■ **Your goal**: Each line from the line containing "this 1724×1716 image." through the last line of the entries is to be reproduced exactly as it stands.

■ **Provided entries**:
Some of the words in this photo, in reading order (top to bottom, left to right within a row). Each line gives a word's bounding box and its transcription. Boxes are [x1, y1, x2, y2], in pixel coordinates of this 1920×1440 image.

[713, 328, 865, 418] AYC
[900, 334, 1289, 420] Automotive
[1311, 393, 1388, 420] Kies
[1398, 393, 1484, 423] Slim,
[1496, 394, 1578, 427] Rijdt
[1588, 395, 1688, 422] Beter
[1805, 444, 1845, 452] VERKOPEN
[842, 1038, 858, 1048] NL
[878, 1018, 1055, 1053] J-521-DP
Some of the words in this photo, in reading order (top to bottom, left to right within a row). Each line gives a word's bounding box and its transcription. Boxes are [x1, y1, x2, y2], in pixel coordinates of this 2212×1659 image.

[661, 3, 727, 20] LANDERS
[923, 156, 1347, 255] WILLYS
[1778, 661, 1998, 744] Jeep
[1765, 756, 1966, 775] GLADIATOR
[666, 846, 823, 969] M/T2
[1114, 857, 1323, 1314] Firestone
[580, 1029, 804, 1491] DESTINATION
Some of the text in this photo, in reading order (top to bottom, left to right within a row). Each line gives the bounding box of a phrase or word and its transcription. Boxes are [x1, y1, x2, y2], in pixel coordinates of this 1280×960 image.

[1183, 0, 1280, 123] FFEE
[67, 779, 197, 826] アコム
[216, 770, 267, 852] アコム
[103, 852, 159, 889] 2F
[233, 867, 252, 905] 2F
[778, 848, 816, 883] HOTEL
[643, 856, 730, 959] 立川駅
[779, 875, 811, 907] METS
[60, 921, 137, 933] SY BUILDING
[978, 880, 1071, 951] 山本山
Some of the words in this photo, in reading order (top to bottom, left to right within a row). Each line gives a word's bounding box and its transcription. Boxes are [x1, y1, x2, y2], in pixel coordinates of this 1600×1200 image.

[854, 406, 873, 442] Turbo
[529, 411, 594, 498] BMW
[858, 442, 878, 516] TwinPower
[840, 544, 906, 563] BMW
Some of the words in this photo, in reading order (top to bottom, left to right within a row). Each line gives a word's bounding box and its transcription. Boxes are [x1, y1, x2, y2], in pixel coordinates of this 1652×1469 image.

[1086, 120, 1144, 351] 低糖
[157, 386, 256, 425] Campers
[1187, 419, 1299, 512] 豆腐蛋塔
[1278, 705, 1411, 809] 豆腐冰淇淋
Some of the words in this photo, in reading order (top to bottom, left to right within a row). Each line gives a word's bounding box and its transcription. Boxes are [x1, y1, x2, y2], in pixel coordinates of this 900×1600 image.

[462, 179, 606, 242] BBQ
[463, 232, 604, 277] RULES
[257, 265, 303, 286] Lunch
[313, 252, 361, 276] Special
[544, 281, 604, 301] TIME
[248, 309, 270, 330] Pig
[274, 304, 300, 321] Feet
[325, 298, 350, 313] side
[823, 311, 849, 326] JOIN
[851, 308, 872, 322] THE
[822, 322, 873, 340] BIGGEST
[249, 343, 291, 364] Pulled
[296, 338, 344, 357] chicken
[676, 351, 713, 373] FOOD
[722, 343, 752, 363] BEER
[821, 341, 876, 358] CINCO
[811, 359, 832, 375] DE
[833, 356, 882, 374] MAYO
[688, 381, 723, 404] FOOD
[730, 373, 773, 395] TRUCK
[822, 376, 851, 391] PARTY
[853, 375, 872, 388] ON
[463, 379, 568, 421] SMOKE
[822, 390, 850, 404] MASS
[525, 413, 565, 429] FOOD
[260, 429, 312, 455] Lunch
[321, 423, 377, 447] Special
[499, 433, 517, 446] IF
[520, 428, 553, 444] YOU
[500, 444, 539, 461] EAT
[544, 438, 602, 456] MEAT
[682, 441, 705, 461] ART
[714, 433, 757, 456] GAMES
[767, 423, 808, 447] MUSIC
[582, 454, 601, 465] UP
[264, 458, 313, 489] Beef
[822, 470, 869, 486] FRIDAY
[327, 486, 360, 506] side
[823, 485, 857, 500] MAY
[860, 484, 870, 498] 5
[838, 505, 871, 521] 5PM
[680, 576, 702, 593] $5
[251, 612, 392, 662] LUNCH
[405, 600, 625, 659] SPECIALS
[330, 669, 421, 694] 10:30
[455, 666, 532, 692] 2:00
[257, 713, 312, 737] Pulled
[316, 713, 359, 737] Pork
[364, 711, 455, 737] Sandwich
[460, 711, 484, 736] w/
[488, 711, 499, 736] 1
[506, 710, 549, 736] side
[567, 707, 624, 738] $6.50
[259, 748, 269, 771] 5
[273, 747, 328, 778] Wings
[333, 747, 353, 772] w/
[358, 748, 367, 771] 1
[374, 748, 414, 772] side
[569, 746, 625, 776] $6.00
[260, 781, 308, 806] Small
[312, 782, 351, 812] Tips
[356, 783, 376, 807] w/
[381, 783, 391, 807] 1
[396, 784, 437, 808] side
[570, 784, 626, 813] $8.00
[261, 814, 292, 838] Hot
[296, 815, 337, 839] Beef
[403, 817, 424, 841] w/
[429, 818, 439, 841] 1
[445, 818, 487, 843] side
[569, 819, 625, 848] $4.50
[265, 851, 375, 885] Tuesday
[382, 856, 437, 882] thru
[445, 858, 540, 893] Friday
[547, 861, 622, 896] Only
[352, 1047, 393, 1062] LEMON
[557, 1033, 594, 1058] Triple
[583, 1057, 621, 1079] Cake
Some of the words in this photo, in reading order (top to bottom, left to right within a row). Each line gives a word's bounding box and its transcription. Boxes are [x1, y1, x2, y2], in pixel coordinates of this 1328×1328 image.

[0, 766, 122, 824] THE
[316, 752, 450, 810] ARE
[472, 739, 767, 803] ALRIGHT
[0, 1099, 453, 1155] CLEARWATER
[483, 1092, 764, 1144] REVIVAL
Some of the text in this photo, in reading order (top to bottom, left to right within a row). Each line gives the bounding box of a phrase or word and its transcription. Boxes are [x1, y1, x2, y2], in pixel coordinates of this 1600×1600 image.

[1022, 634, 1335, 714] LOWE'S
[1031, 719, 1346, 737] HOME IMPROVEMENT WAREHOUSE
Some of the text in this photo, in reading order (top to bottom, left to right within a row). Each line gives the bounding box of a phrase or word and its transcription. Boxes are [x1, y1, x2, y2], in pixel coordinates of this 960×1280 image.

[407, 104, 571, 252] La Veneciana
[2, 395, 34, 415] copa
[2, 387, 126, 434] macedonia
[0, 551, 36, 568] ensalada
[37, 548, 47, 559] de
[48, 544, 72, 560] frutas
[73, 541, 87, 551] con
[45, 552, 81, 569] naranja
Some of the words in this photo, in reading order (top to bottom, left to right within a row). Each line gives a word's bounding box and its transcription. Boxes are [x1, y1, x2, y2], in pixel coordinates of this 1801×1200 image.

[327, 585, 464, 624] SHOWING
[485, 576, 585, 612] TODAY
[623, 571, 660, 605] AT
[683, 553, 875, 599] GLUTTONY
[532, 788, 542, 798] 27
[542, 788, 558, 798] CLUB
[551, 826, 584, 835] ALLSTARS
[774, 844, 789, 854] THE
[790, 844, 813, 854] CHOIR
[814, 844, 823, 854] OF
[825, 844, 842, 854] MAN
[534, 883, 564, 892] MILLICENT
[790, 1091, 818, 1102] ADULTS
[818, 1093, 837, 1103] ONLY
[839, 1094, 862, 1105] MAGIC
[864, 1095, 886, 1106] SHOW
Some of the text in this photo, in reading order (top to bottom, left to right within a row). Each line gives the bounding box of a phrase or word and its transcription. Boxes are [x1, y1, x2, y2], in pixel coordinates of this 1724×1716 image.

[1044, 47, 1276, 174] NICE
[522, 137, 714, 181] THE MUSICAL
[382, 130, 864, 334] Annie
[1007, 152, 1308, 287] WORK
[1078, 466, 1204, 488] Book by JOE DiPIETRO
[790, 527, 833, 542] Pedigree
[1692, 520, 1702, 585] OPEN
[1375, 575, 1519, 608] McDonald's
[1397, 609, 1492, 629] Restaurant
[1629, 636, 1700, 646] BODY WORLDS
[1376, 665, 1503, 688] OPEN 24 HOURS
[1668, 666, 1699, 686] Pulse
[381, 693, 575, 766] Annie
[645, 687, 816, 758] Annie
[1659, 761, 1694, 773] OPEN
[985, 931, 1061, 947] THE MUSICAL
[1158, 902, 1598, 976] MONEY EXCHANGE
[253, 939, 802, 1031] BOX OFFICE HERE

■ **Answer space**:
Some of the text in this photo, in reading order (top to bottom, left to right within a row). Each line gives the bounding box of a phrase or word and its transcription. Boxes are [x1, y1, x2, y2], in pixel coordinates of this 1724×1716 image.

[1044, 47, 1276, 174] NICE
[522, 137, 714, 181] THE MUSICAL
[382, 130, 864, 334] Annie
[1007, 152, 1308, 287] WORK
[1078, 466, 1204, 488] Book by JOE DiPIETRO
[790, 527, 833, 542] Pedigree
[1692, 520, 1702, 585] OPEN
[1375, 575, 1519, 608] McDonald's
[1397, 609, 1492, 629] Restaurant
[1629, 636, 1700, 646] BODY WORLDS
[1376, 665, 1503, 688] OPEN 24 HOURS
[1668, 666, 1699, 686] Pulse
[381, 693, 575, 766] Annie
[645, 687, 816, 758] Annie
[1659, 761, 1694, 773] OPEN
[985, 931, 1061, 947] THE MUSICAL
[1158, 902, 1598, 976] MONEY EXCHANGE
[253, 939, 802, 1031] BOX OFFICE HERE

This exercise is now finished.